Mais quelques jours plus tard, sa santé se détériore. Son visage gonfle, son cerveau suinte et il commence à délirer, jusqu'à demander qu'on lui porte instamment son pantalon pour qu'il puisse aller se promener. Son cerveau a contracté une infection fongique et il tombe dans le coma. Un menuisier des environs vient prendre ses mesures pour son cercueil.
Le médecin américain John M. Harlow
Quatorze jours plus tard, Harlow lui fait subir une opération de la dernière chance, en ponctionnant le tissu cérébral à travers la cavité nasale pour drainer la plaie.
Pendant des semaines, la santé de Gage est plus qu'aléatoire et il perd la vue de son œil gauche, qui restera suturé jusqu'à la fin de sa vie.
Néanmoins, il finit par se stabiliser et, à la fin novembre, rentre chez lui à Lebanon, dans le New Hampshire –en compagnie de sa barre à mine, qu'il se met désormais à trimballer partout avec lui.
Dans son journal, Harlow joue les modestes et minimise son rôle dans la guérison de Gage: «Je l'ai pansé, écrit-il, Dieu l'a soigné.»
Pendant sa convalescence, des histoires sur Gage commencent à fleurir dans les journaux, avec divers degrés d'exactitude.
Dans la plupart, le ton est au sensationnalisme, et on met surtout en avant le caractère radicalement invraisemblable de sa survie. Le cas fait aussi jacasser les médecins –même s'ils demeurent des plus sceptiques. Un praticien y voit une «invention yankee» et, selon Harlow, d'autres se comportent avec Gage comme Saint Thomas avec Jésus:
«Ils refusaient de croire que l'homme avait survécu tant qu'ils n'avaient pas fourré leurs doigts dans le trou de son crâne.»
En 1849, le Dr. Henry Bigelow convoque Gage à la faculté de médecine de Harvard pour une évaluation. Même si Gage reste pour lui une curiosité –il le présente à ses collègues parallèlement à une stalagmite «remarquable pour sa ressemblance avec un pénis pétrifié»– cette visite est, avec le compte-rendu de Harlow, le seul témoignage détaillé et direct que nous avons sur Gage et son accident. Etonnamment, Bigelow estime que Gage a«passablement recouvré ses facultés de corps et d'esprit». Il convient cependant de noter que, comme le voulaient les examens neurologiques de l'époque, Bigelow n'a sans doute testé Gage que pour des déficiences sensorielles et motrices. Et parce que Gage pouvait encore marcher, parler, voir et entendre, Bigelow en a conclu à la bonne santé de son cerveau.

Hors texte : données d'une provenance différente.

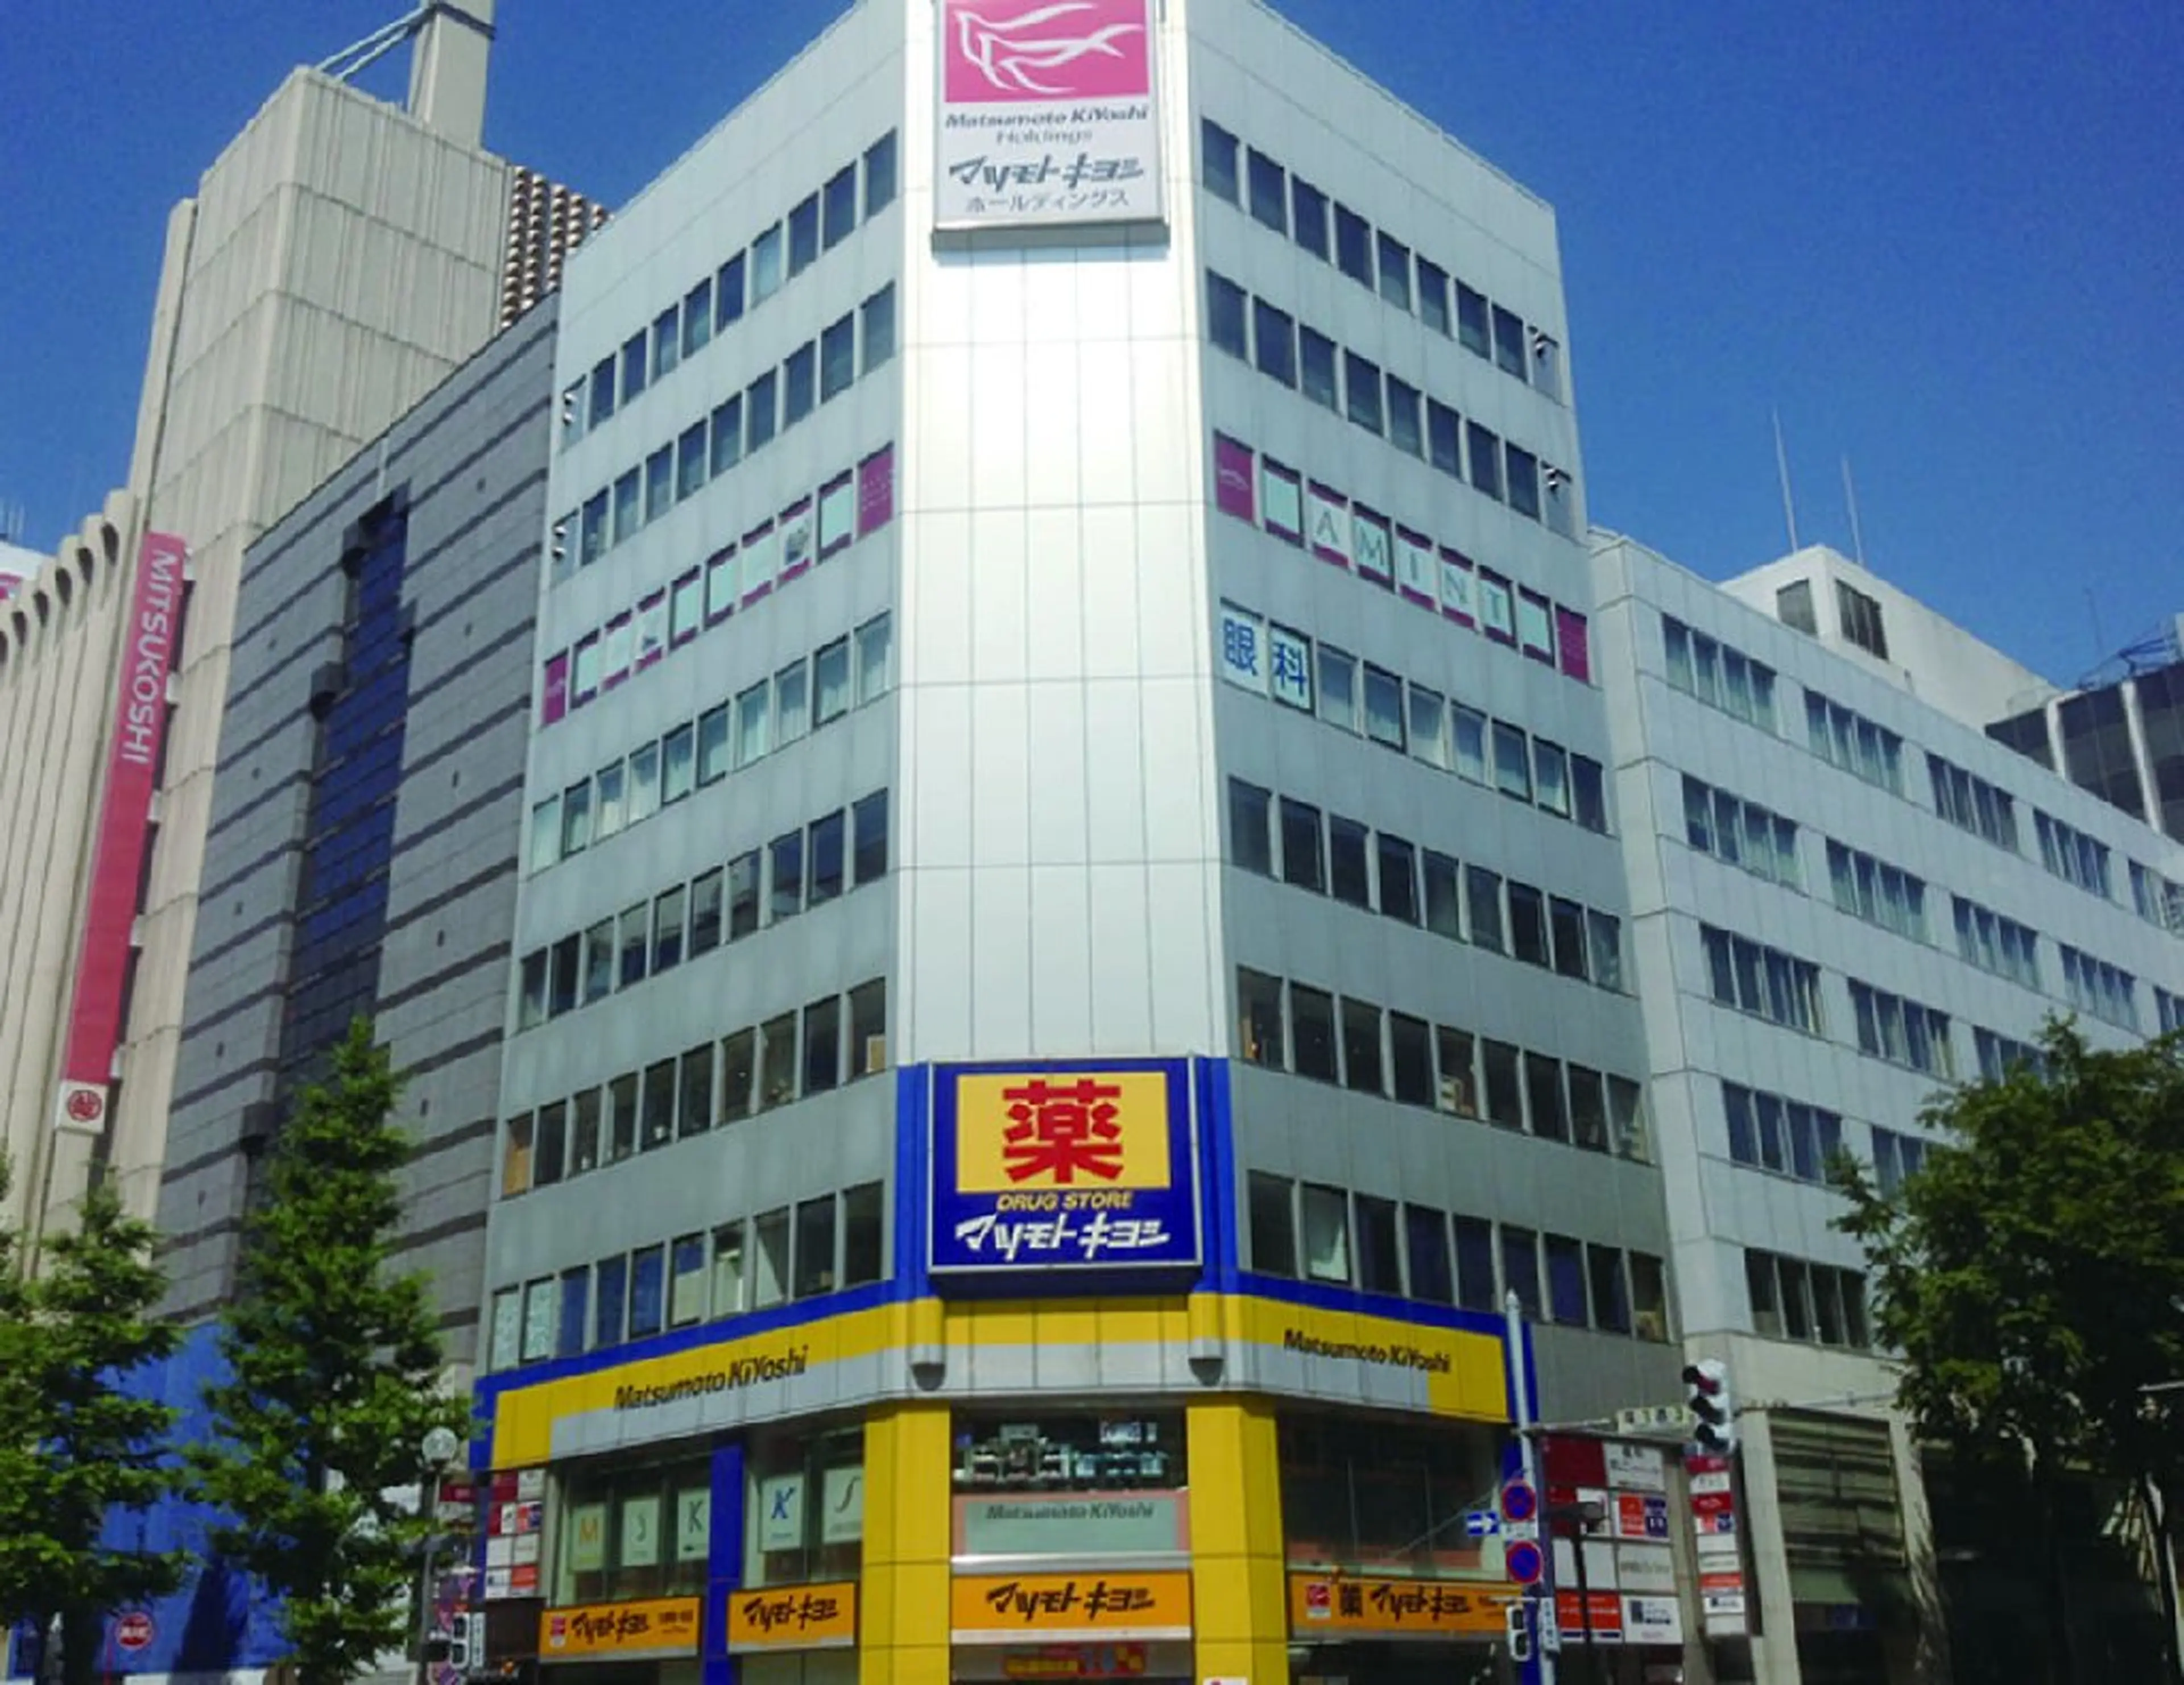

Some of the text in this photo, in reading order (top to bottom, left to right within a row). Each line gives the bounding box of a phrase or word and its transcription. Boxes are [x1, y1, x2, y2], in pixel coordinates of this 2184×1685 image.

[945, 113, 1067, 129] Matsumoto
[949, 152, 1144, 193] マツモトキヨシ
[966, 189, 1130, 213] ホールディングス
[121, 548, 180, 765] MITSUKOSHI
[1222, 617, 1307, 698] 眼科
[1002, 1078, 1124, 1184] 薬
[995, 1191, 1134, 1212] DRUG STORE
[954, 1211, 1172, 1264] マツモトキヨシ
[743, 1593, 840, 1632] マツモトキヨシ
[986, 1581, 1156, 1622] マツモトキヨシ

C'est en dehors du laboratoire que les problèmes commencent
Les conclusions de Bigelow sont conformes au consensus médical de l'époque, selon lequel les lobes frontaux ne servaient pas à grand-chose –notamment parce qu'il n'était pas rare de voir des gens souffrir de graves lésions dans cette zone et continuer leur vie. Aujourd'hui, les scientifiques savent que cette zone est impliquée dans quasiment toute l'activité cérébrale. L'extrémité des lobes en particulier, la région dite préfrontale, joue un rôle des plus importants dans le contrôle des impulsions et de la planification.
Mais même aujourd'hui, les scientifiques n'ont qu'une vague idée de la manière dont les lobes préfrontaux exercent ce contrôle. Et les victimes de lésions préfrontales réussissent souvent haut la main la plupart des examens neurologiques. Quasiment tout ce que vous pouvez mesurer en laboratoire –la mémoire, le langage, les fonctions motrices, le raisonnement et l'intelligence– semble demeurer intact chez ces personnes.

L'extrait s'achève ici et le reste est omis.